#### Instructions to follow
Apart from the pictures, please restate every entry below exactly.

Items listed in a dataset
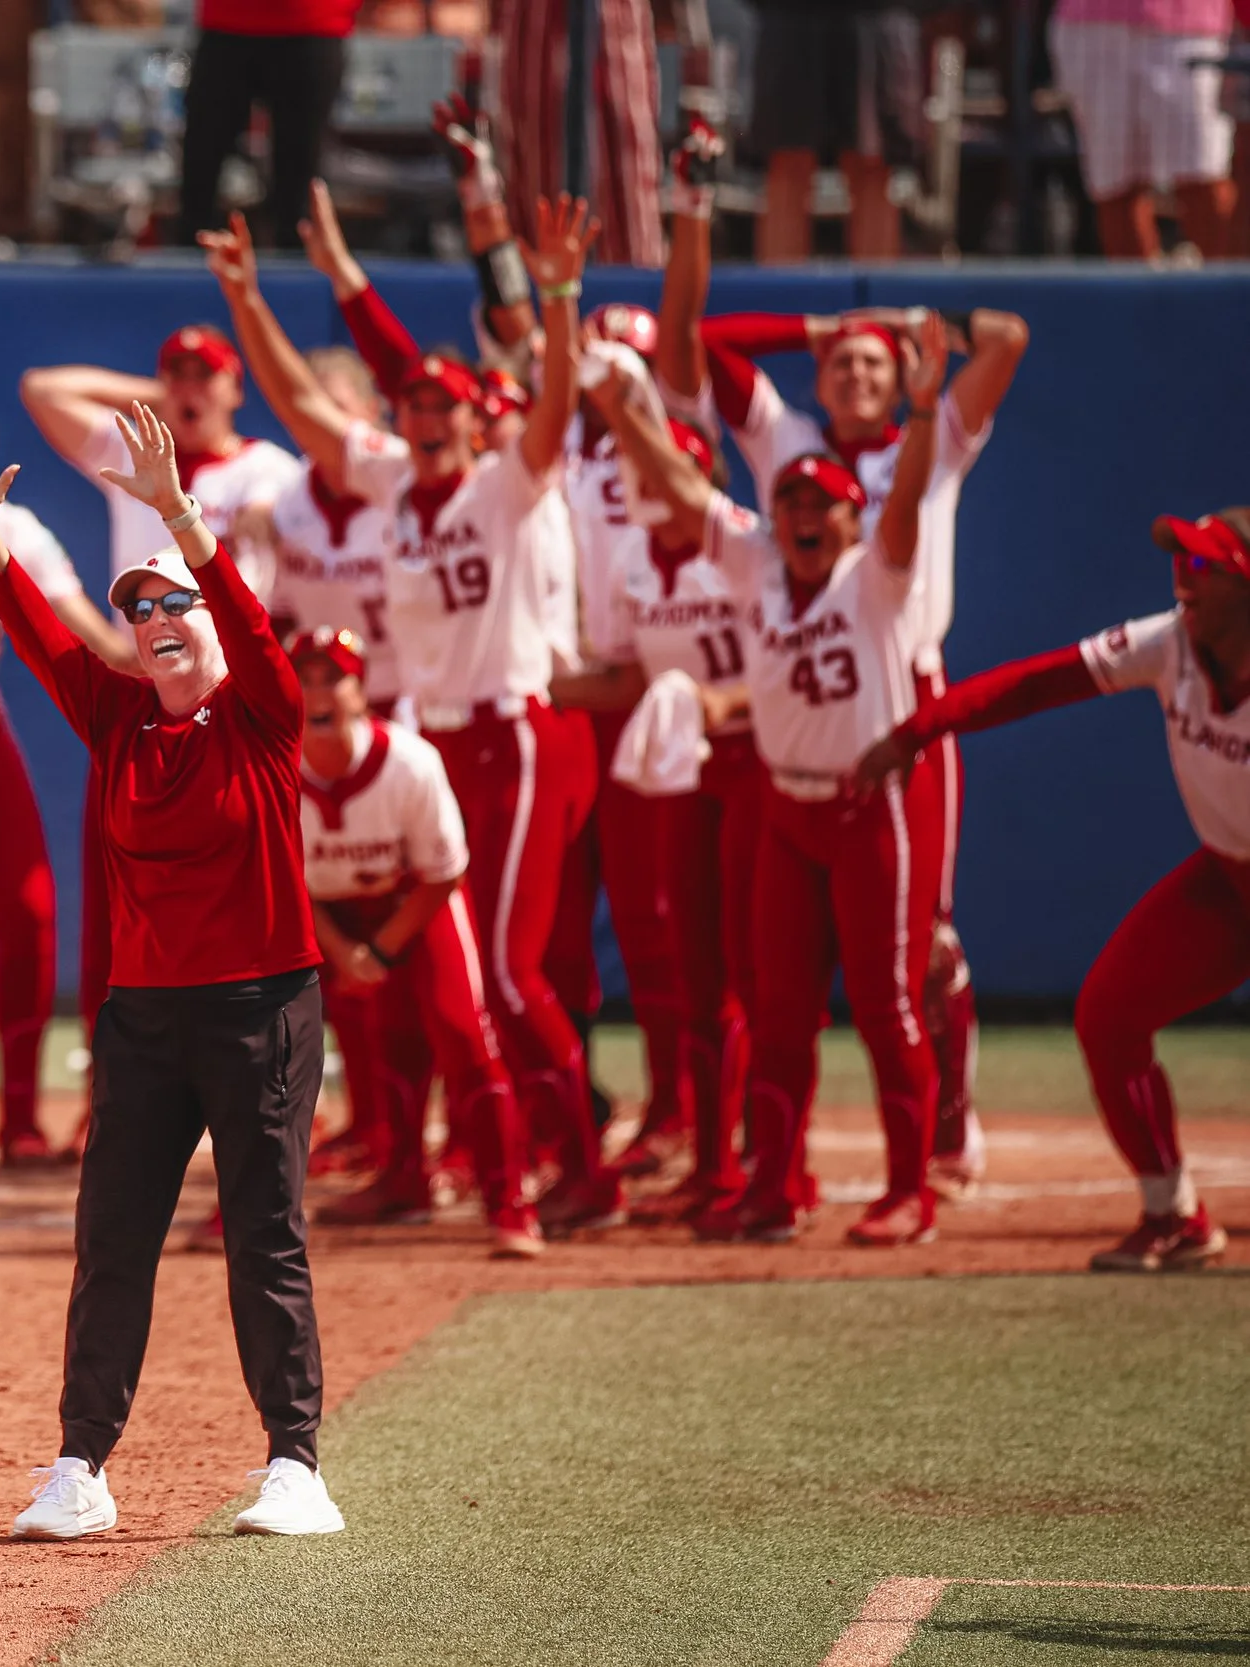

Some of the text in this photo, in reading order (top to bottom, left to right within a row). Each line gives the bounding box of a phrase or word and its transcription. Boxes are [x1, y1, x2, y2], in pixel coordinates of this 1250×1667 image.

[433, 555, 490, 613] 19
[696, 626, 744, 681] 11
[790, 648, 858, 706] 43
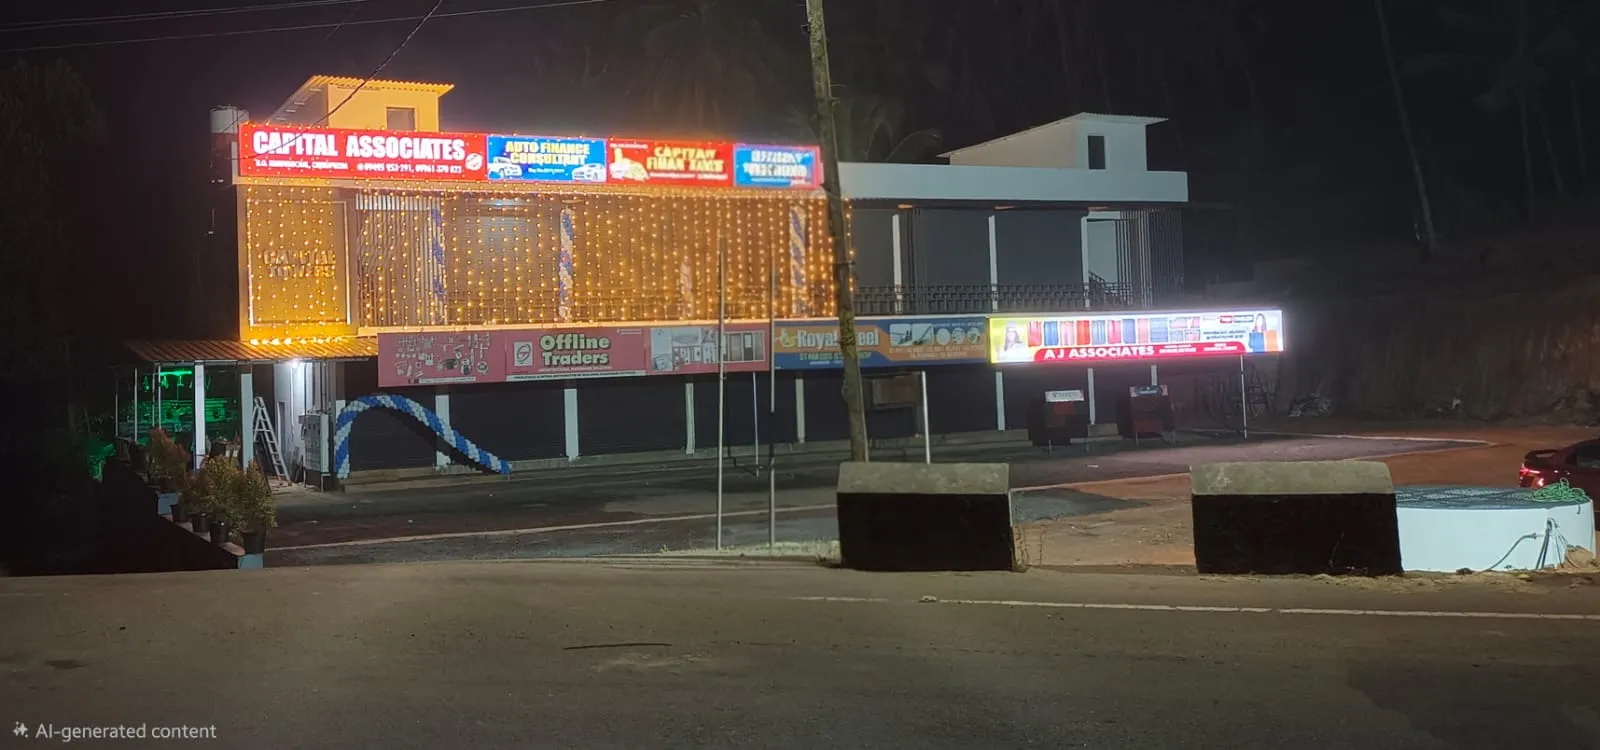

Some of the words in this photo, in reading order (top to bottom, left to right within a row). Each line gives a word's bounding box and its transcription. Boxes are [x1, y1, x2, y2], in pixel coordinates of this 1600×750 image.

#### Solved exercise
Some of the text in this photo, in reading order (top to bottom, left to right within a row). Each line gives the bounding box of a phrase or word and its transcription. Boxes are [x1, y1, x2, y2], in pixel coordinates of this 1250×1667 image.

[433, 555, 490, 613] 19
[696, 626, 744, 681] 11
[790, 648, 858, 706] 43

Some of the words in this photo, in reading order (top to bottom, left to right within a row). Each line gives a word's bounding box and its transcription. Boxes are [x1, y1, x2, y2], in pixel coordinates of this 1600×750 image.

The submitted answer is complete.